Installing Headliner Insulation in a Truck

It’s getting hot here in July and my 1990 Chevy truck’s AC hasn’t been converted to R134a refrigerant yet. And it’s out of refrigerant. So I’m noticing all the ways in which the interior gets heated up. The other day I was sitting in the sun waiting for someone and I realized heat was radiating off the inside of the truck’s roof. The front part was cool to the touch because it is double-layered metal, but the back part was another story. It was nearly too hot to touch and it felt like it was pumping out heat into the interior.

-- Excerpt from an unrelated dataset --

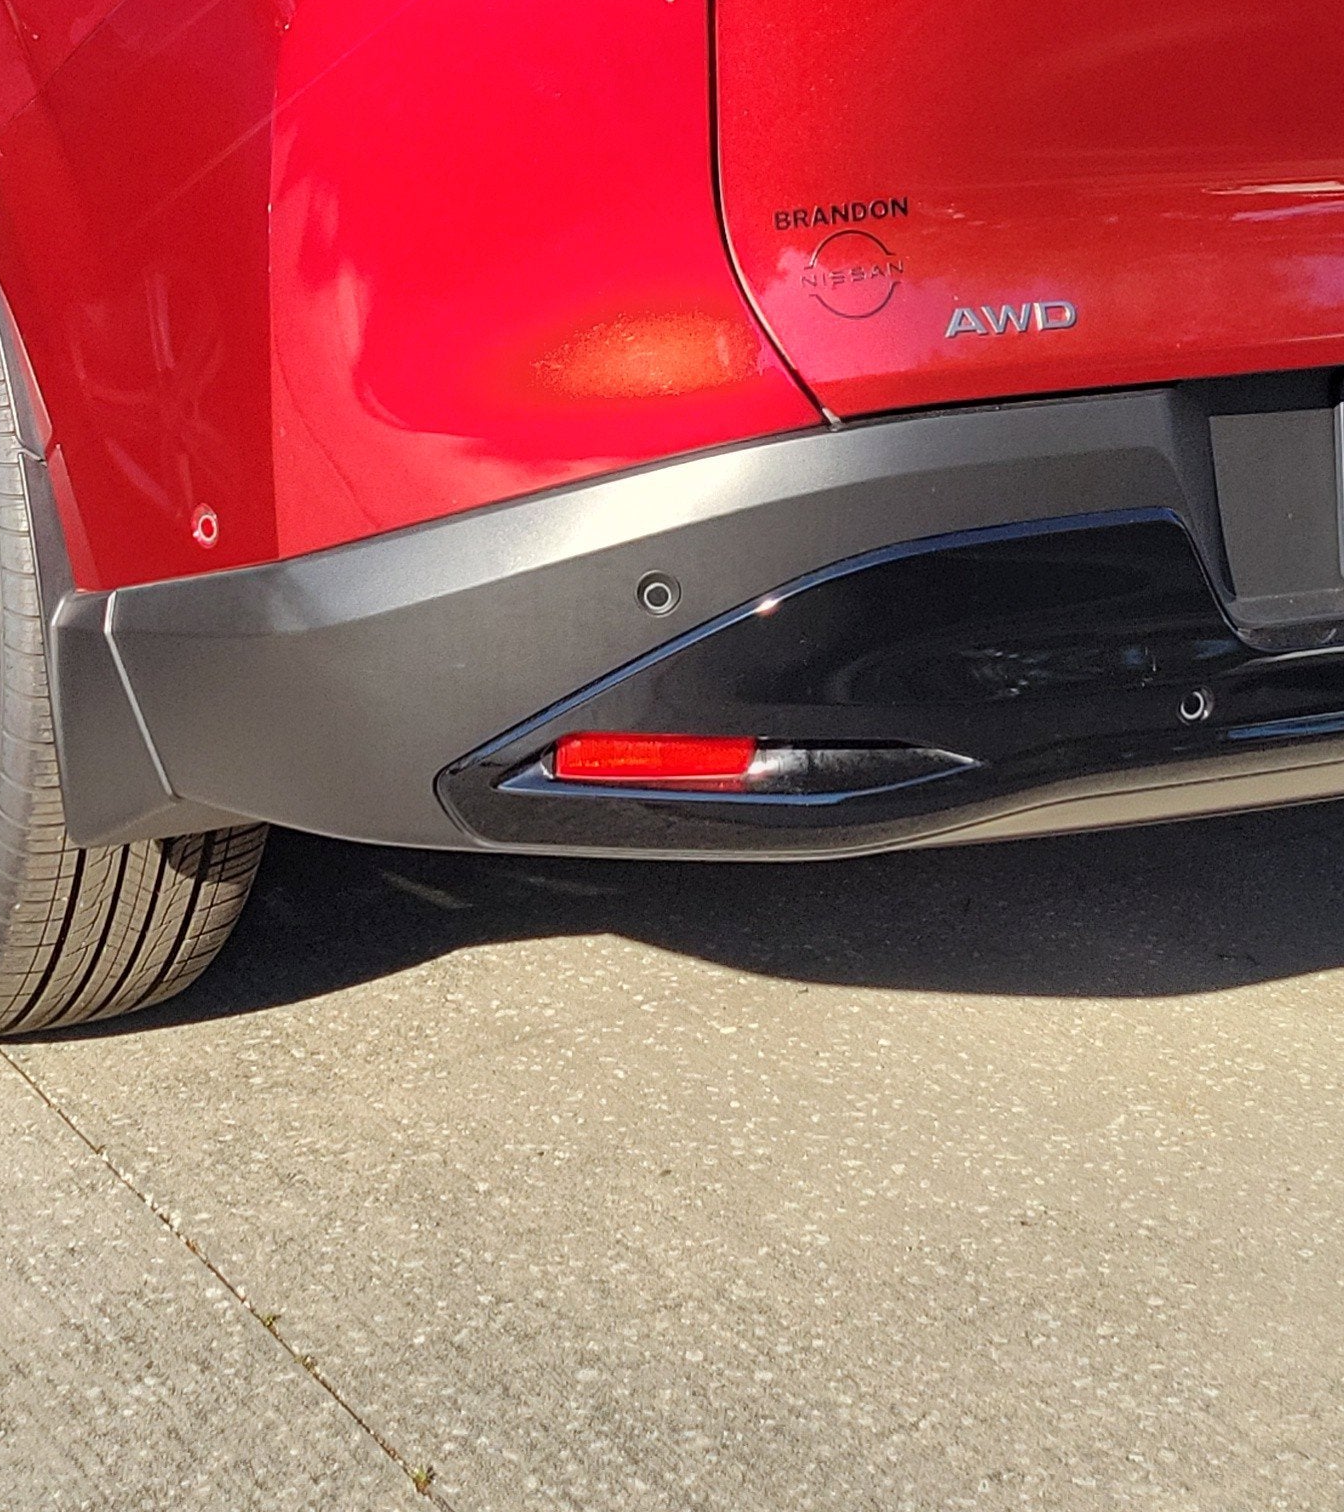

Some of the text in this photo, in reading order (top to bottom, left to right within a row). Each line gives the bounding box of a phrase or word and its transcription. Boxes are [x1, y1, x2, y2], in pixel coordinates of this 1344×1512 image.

That’s what it looked like before I added the insulation. I used a roll of insulation I found at Home Depot. It was $10 for a 2 ft x 10 ft roll. I cut it down to 18 inches x 45 inches to fit the area I wanted to insulate. I then used 3M spray-on headliner adhesive to make it stick to the metal.

I wish I would have measured the temperature before and after. It’s a drastic improvement. I left the truck sitting in a parking lot in similar conditions for about the same amount of time as the day I noticed the heat. The interior insulation was barely warm to the touch when I came back out.

The stock headliner would have accomplished this insulation, but it’s made of pressed cardboard-like material and had fallen apart over the years. I plan on adding an aftermarket headliner from LMC at some point, but this insulation will just add to the affectiveness of the headliner when I get it.